Math Computation Assessments
The graph below shows the average score for the class of 21 students on each Math Computation Assessment at the end of the second and third quarters. The scores from the end of the second quarter are shown in pink, while the scores from the end of the third quarter are shown in green.
The Math Computation Assessments are considered district assessments, which requires third grade teachers to administer each assessment 4 times a year at the end of each quarter. The data shows that the average score of the class grew in each assessment from the end of the second quarter to the end of the third quarter. When reflecting on individual scores rather than the class average, all students made growth in at least two of the three Math Computation Assessments. Although the class grew in each Math Computation Assessment, one question I have is why the growth on the addition and multiplication assessments had greater gains than the subtraction assessment. I believe one possible explanation for this outcome is that a majority of the games I created for the games station involved the concepts of addition and multiplication. I wonder if incorporating more subtraction games, along with addition and multiplication, would enhance student achievement on the subtraction assessment.
The strategies used in this action research plan (e.g., Xtra Math) were extremely effective because not only did students grow in their math computation scores, they can all explain why and how to solve each type of problem. I observed the students ability to explain and solve each type of problem throughout the Math Workshop model. Specifically when working with students in skill groups, I witnessed the students “thinking aloud” to talk through the details of problems, the decisions they had to make as they tried to solve different problems, and the reasoning behind those decisions. Thinking aloud helped students, especially those who struggled with math, to clarify their ideas, identify what they did and did not understand, and to learn from others when they heard how their peers thought about and approached different problems. In addition, I heard students processing content together as they worked together at the game station. Throughout my study, students were using various techniques as they explained and solved different types of problems. Some students were using visual representations while other students were using manipulatives to express their thinking.

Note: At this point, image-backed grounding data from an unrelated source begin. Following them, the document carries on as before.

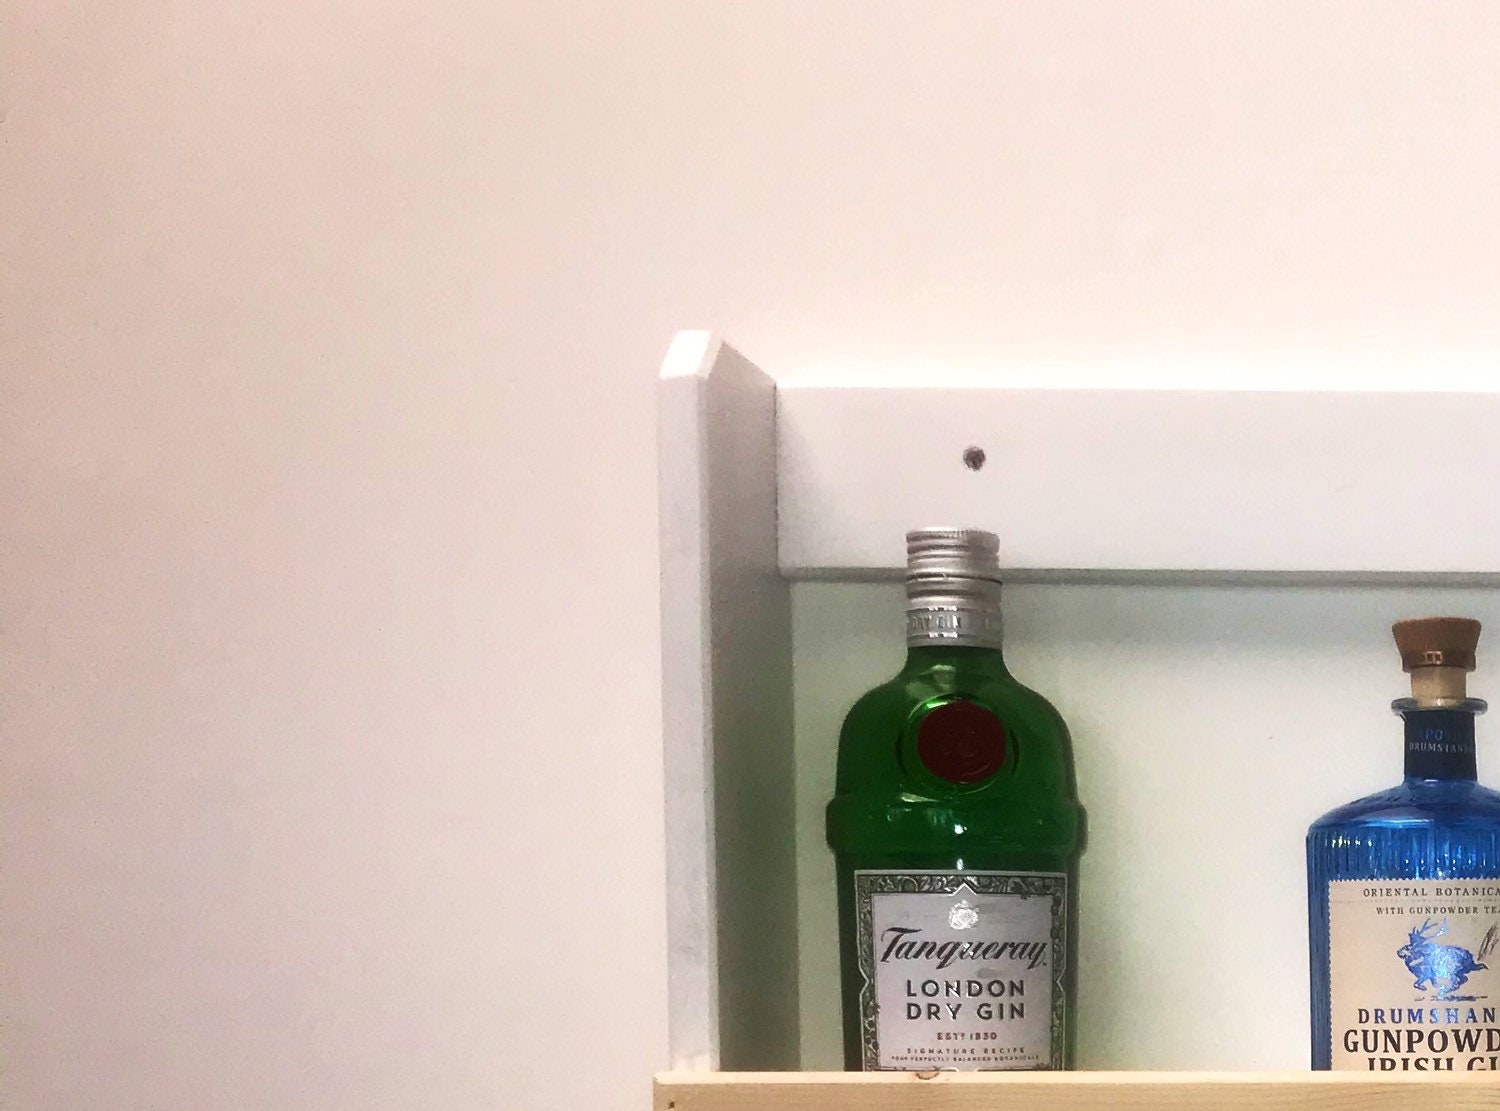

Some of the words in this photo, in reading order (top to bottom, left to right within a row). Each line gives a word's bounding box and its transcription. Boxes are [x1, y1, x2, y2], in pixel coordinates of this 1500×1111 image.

[1363, 887, 1428, 897] ORIENTAL
[1376, 906, 1404, 915] WITH
[1409, 906, 1479, 915] GUNPOWDER
[906, 979, 1025, 998] LONDON
[906, 1002, 962, 1021] DRY
[976, 1002, 1025, 1021] GIN
[907, 1047, 976, 1055] SIGNATURE
[983, 1047, 1025, 1055] RECIPE
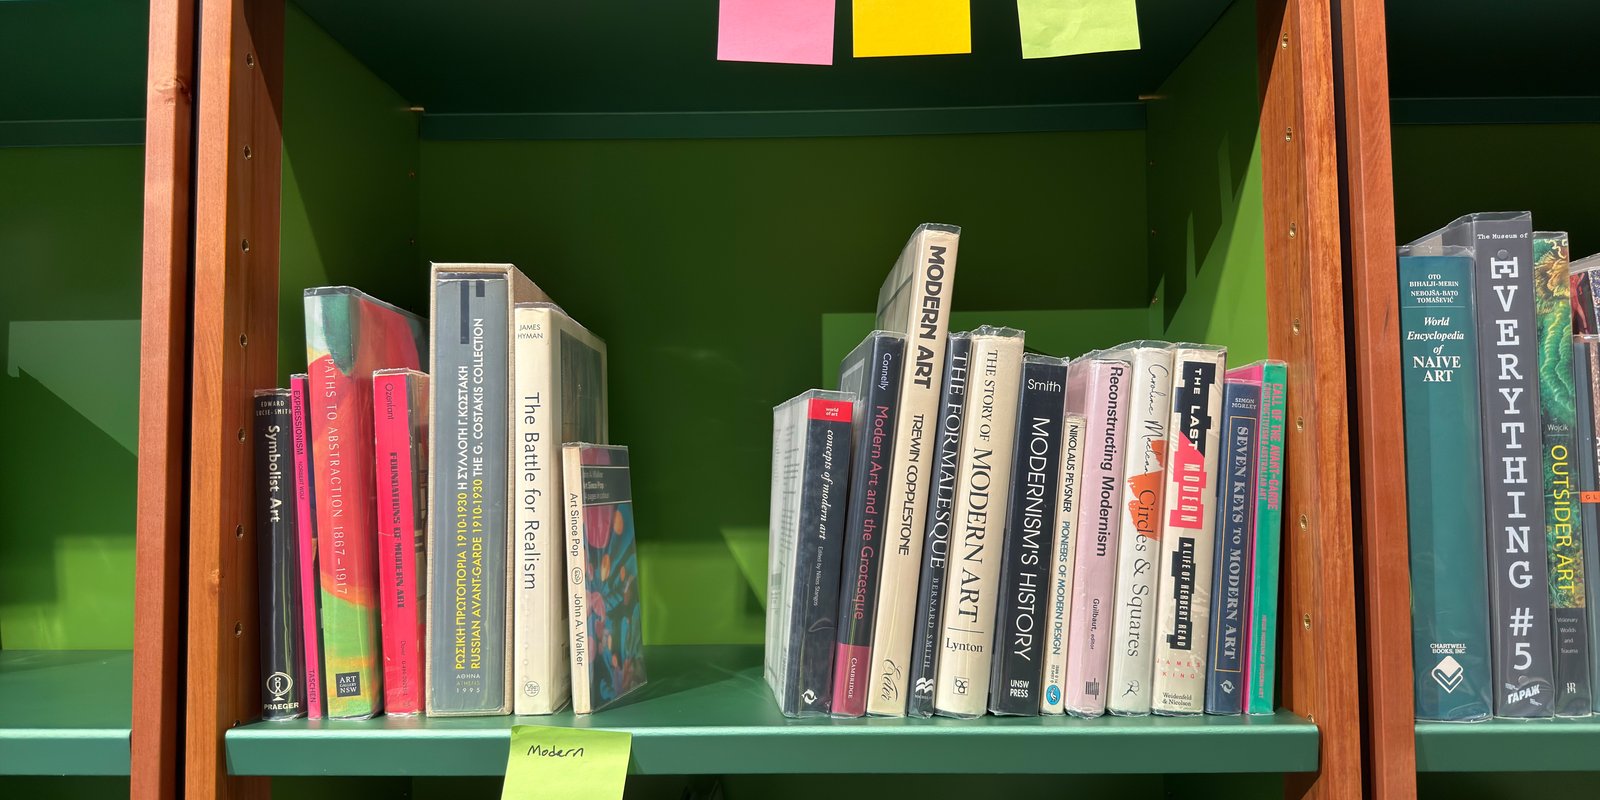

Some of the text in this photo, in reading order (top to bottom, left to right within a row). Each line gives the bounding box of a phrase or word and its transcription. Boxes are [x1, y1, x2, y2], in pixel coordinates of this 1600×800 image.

[914, 246, 946, 389] MODERN ART
[1407, 331, 1464, 342] Encyclopedia
[1424, 316, 1450, 326] World
[1413, 356, 1462, 369] NAIVE
[1432, 345, 1444, 356] of
[878, 353, 891, 390] Connelly
[1028, 379, 1061, 393] Smith
[1148, 364, 1168, 416] Caroline
[1423, 370, 1454, 382] ART
[473, 318, 484, 476] THE G. COSTAKIS COLLECTION
[1188, 368, 1202, 451] THE LAST
[294, 390, 303, 455] EXPRESSIONISM
[324, 358, 342, 517] PATHS TO ABSTRACTION
[1490, 256, 1532, 588] EVERYTHING
[458, 428, 468, 480] ΣΥΛΛΟΓΗ
[822, 429, 834, 470] concepts
[928, 352, 968, 569] THE FORMALESQUE
[1067, 425, 1078, 470] NIKOLAUS
[1096, 366, 1123, 556] Reconstructing Modernism
[1268, 383, 1283, 511] CALL OF THE AVANT-GARDE
[265, 426, 282, 522] Symbolist Art
[524, 392, 541, 590] The Battle for Realism
[820, 472, 833, 486] of
[898, 414, 924, 555] TREWIN COPPLESTONE
[958, 350, 998, 622] THE STORY OF MODERN ART
[1062, 473, 1074, 512] PEVSNER
[1181, 463, 1200, 522] MODERN
[820, 484, 832, 521] modern
[854, 406, 889, 620] Modern Art and the Grotesque
[1551, 445, 1575, 596] OUTSIDER ART
[1014, 418, 1050, 661] MODERNISM'S HISTORY
[1059, 521, 1071, 562] PIONEERS
[1181, 550, 1192, 568] LIFE
[1224, 427, 1248, 661] SEVEN KEYS TO MODERN ART
[456, 492, 468, 670] ΡΩΣΙΚΗ ΠΡΩΤΟΠΟΡΙΑ 1910-1930
[471, 479, 483, 670] RUSSIAN AVANT-GARDE 1910-1930
[570, 493, 584, 666] Art Since Pop John A. Walker
[1058, 565, 1067, 578] OF
[1126, 490, 1156, 657] Circles & Squares
[1181, 570, 1190, 581] OF
[1054, 579, 1066, 621] MODERN
[1091, 598, 1099, 632] Guilbaut,
[1179, 584, 1190, 621] HERBERT
[924, 577, 939, 668] BERNARD SMITH
[1053, 622, 1062, 655] DESIGN
[1177, 622, 1187, 647] READ
[946, 638, 983, 652] Lynton
[1156, 659, 1201, 668] JAMES
[848, 658, 857, 698] CAMBRIDGE
[1010, 680, 1029, 688] UNSW
[1010, 688, 1028, 697] PRESS
[1162, 692, 1192, 701] Weidenfeld
[1508, 684, 1540, 704] ГАРАЖ
[527, 745, 584, 758] Modern

Students were also reflecting on the problem-solving process of different types of problems during the closure of the Math Workshop model. They were able to express their learning on a particular skill verbally and through writing. When students verbalized what they knew, it helped them reflect upon and clarify the problems they were trying to solve, and to focus on solving them one step at a time. During the closure of the math lessons, I was also able to formatively assess and monitor students’ progress, in order to adjust future instruction.
The Math Computation Assessments are considered district assessments, which requires third grade teachers to administer each assessment 4 times a year at the end of each quarter. The data shows that the average score of the class grew in each assessment from the end of the second quarter to the end of the third quarter. When reflecting on individual scores rather than the class average, all students made growth in at least two of the three Math Computation Assessments. Although the class grew in each Math Computation Assessment, one question I have is why the growth on the addition and multiplication assessments had greater gains than the subtraction assessment. I believe one possible explanation for this outcome is that a majority of the games I created for the games station involved the concepts of addition and multiplication. I wonder if incorporating more subtraction games, along with addition and multiplication, would enhance student achievement on the subtraction assessment.
The strategies used in this action research plan (e.g., Xtra Math) were extremely effective because not only did students grow in their math computation scores, they can all explain why and how to solve each type of problem. I observed the students ability to explain and solve each type of problem throughout the Math Workshop model. Specifically when working with students in skill groups, I witnessed the students “thinking aloud” to talk through the details of problems, the decisions they had to make as they tried to solve different problems, and the reasoning behind those decisions. Thinking aloud helped students, especially those who struggled with math, to clarify their ideas, identify what they did and did not understand, and to learn from others when they heard how their peers thought about and approached different problems. In addition, I heard students processing content together as they worked together at the game station. Throughout my study, students were using various techniques as they explained and solved different types of problems. Some students were using visual representations while other students were using manipulatives to express their thinking.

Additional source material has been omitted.